Не в силах справиться с внезапной переменой настроения, Леонид поднялся из-за стола. Нерович оторвался от воблы.
– Прости, дружище, забыл об одной срочной встрече, – краснея, произнес Леонид, понимая, что тот навсегда запомнит проявленное к нему невнимание. – Пойду, пожалуй. Не сердись.
На улице Громова вновь охватила неловкость. Стало жалко покинутого и, конечно, вдрызг разобиженного писателя. «Ну, да черт с ним, – решил Громов. – Меня бы он наверняка не выслушал».
Около дома Леонид задержался, хотел посидеть на скамейке, но она оказалась, как всегда, занятой пожилыми женщинами, вероятно соседками, которых он никак не мог запомнить в лицо. Громов осторожно поздоровался, – кто их знает, пришлые или здешние, – и вошел в подъезд. Поднимаясь по лестнице, заглянул в дырочки почтового ящика. По тому, есть или нет в нем почта, он узнавал, дома ли Надежда. Почта лежала нетронутой. Леонид вытащил несколько газет, журнал «Театральная жизнь» и письмо. Почерк он не узнал, но что-то знакомое мелькнуло в обратном адресе.

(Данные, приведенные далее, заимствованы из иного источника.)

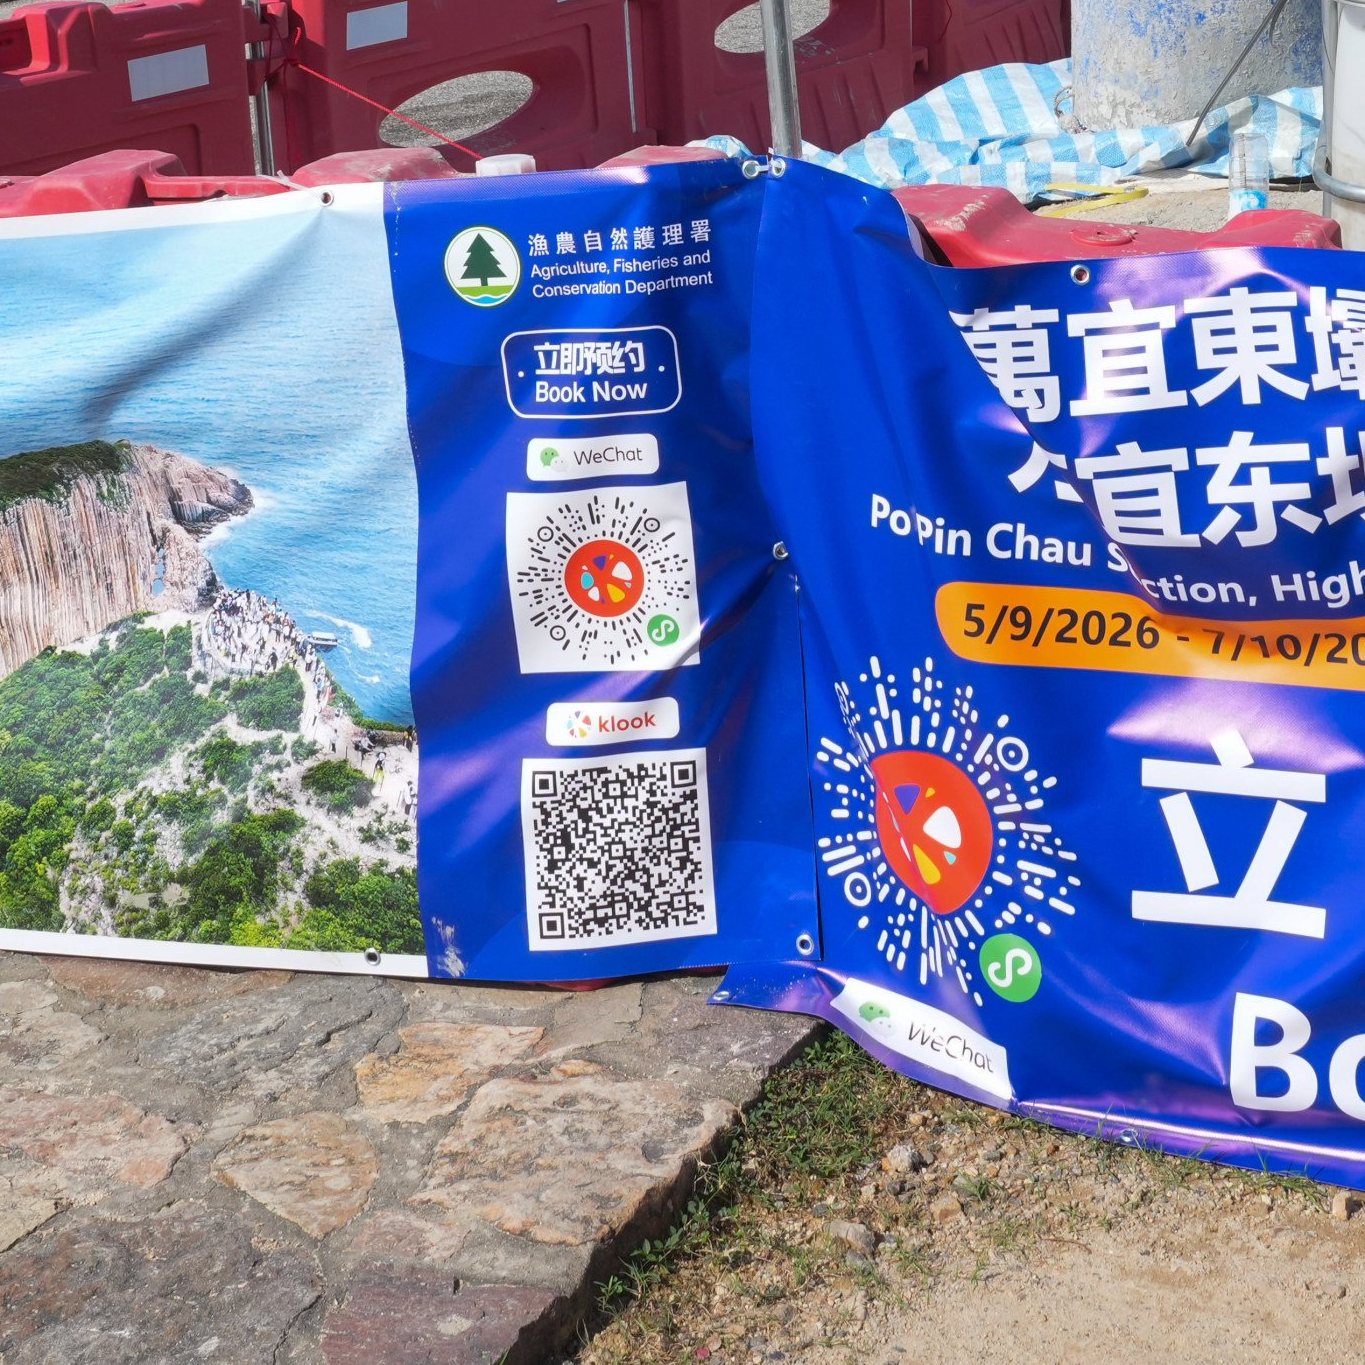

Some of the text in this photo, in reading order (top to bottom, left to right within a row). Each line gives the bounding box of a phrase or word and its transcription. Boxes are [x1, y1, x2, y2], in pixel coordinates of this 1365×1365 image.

[528, 219, 711, 256] 漁農自然護理署
[531, 250, 711, 280] Agriculture, Fisheries and
[533, 271, 712, 298] Conservation Department
[534, 340, 645, 375] 立即预约
[536, 380, 648, 403] Book Now
[574, 446, 642, 466] WeChat
[871, 494, 911, 536] Po
[915, 517, 971, 556] Pin
[986, 522, 1091, 566] Chau
[1107, 542, 1256, 607] Sction,
[963, 603, 1160, 650] 5/9/2026
[598, 712, 656, 733] klook
[907, 1022, 994, 1073] WeChat

Громов вынул письмо из газет, куда успел сунуть, и тут же, на лестничной площадке, рассмотрел. Оно было из Томска от Константина Михайловича Шарыгина и предназначалось Наде.

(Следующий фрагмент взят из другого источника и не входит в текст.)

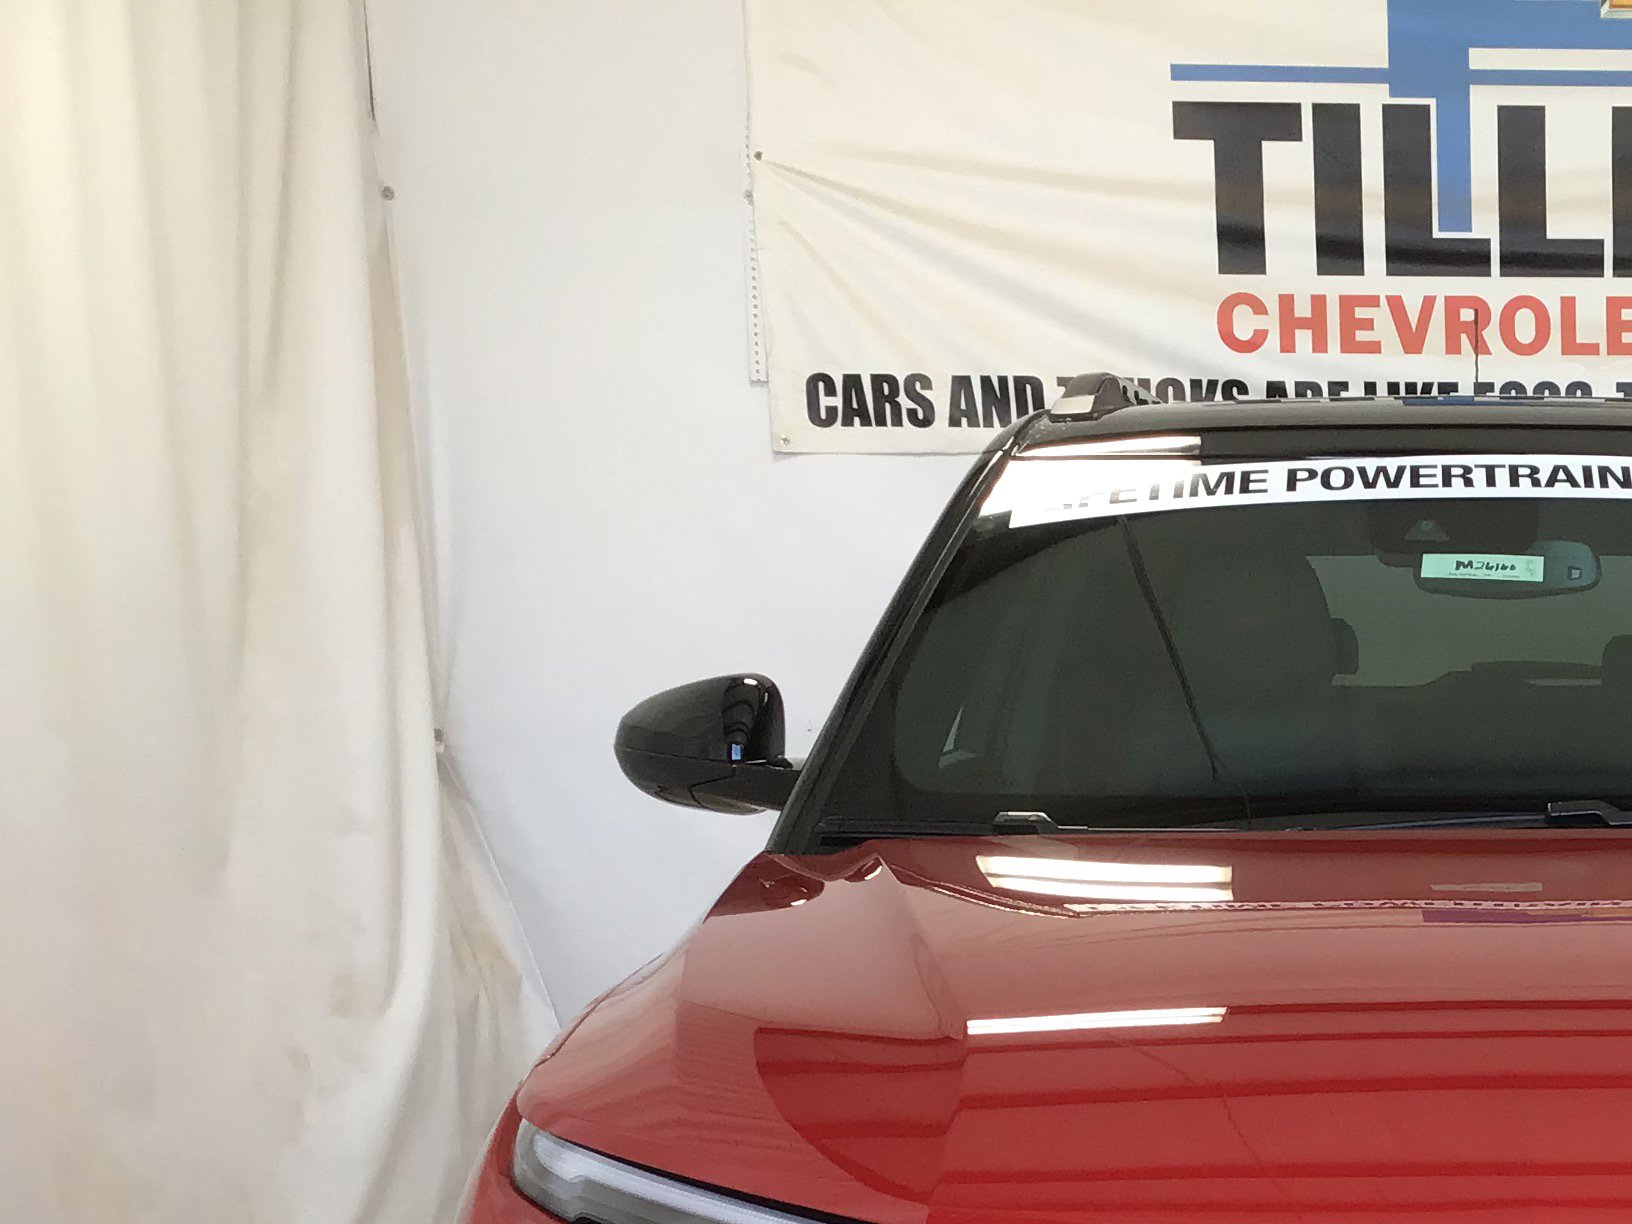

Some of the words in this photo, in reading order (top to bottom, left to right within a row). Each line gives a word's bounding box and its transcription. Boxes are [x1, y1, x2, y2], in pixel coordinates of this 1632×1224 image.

Сначала Громов удивился лишь одному: почему Константин Михайлович пишет именно ей, а не ему или обоим вместе. Распечатал конверт, извлек пару листков бумаги, оказавшихся телеграфными бланками. Обратная сторона их была заполнена мелкими неразборчивыми строчками, которые приходилось перечитывать по нескольку раз, разгадывая каждую закорючку или неожиданное сокращение, чтобы добраться наконец до смысла.
Еще трудней доходил до него другой смысл, тот, что обнаруживался за этим десятком торопливых фраз. Переписка сама по себе казалась довольно странной, – Надя лишь однажды и виделась-то с Шарыгиным, – но больше всего удивляла занимавшая их тема. Речь шла о нем… Нет, не просто о нем, а о чем-то накрепко скрученном в единую душу. Его боль, его мучительные раздумья были тут общими.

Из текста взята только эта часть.